I have created a PVR using Linux (Gentoo 2.6.5 kernel), MythTV, and a Shuttle SFF system (Athlon XP2500), with on-board NVidia Nforce2 chipset, including the IGP (Geforce4 MX-440 equivalent).  I am using a Hauppauge PVR-250 for a capture device.  I am a DirectTV subscriber, so I cannot use the 250’s embedded TV tuner. Instead, I capture the S-video feed along with an analog audio feed output from my satellite decoder box.  My connected TV is a Samsung DLP with DVI, RGB, S-video, component video, and composite video inputs.  My satellite box is connected to the TV using the DVI, so as a *next best* option, I have connected the PVR to the TV using the RGB inputs, thus, the TV appears as a “monitor” to my PVR/PC.  Oh yeah, the satellite decoder is an HDTV device, including the capability to tune local OTA HD channels, which I do.

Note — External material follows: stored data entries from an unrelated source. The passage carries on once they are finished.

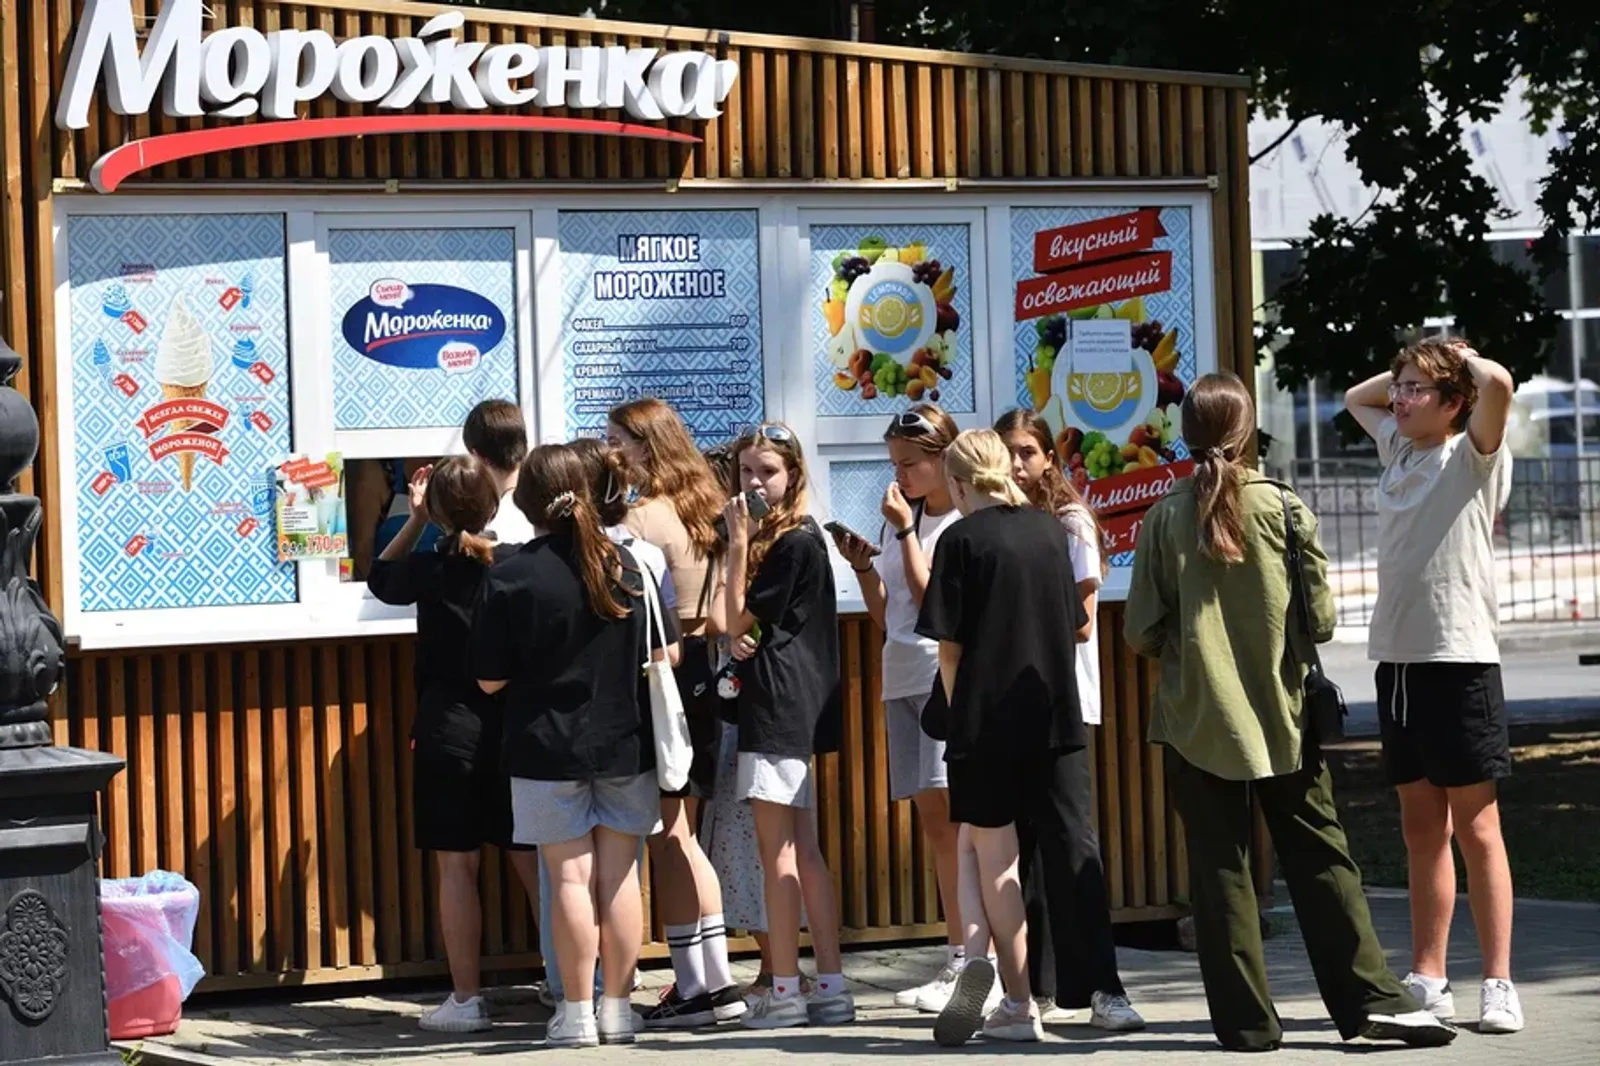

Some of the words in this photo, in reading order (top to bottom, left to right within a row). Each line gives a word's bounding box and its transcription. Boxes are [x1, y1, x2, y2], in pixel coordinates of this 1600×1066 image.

[55, 0, 739, 132] Мороженка
[618, 233, 700, 263] МЯГКОЕ
[1048, 217, 1139, 261] вкусный
[594, 269, 726, 299] МОРОЖЕНОЕ
[1022, 259, 1161, 310] освежающий
[364, 309, 492, 343] Мороженка
[573, 338, 623, 355] САХАРНЫЙ
[574, 363, 622, 378] КРЕМАНКА
[574, 387, 623, 401] КРЕМАНКА
[641, 383, 695, 398] ПОСЫПКОЙ
[717, 383, 751, 397] ВЫБОР
[149, 406, 185, 422] ВСЕГДА
[186, 404, 225, 421] СВЕЖЕЕ
[154, 438, 218, 454] МОРОЖЕНОЕ

After some installation headaches, I finally have this all *working*, but comparing my resulting performance with many of the performance claims I have been reading (“quality is as good as live TV”, “quality exceeds that of my ReplayTV”, etc.), there is significant room for improvement within my setup.  I have recently moved to XvMC in an attempt to offload my CPU, and utilize the built-in “motion compensation” within my video card (chipset).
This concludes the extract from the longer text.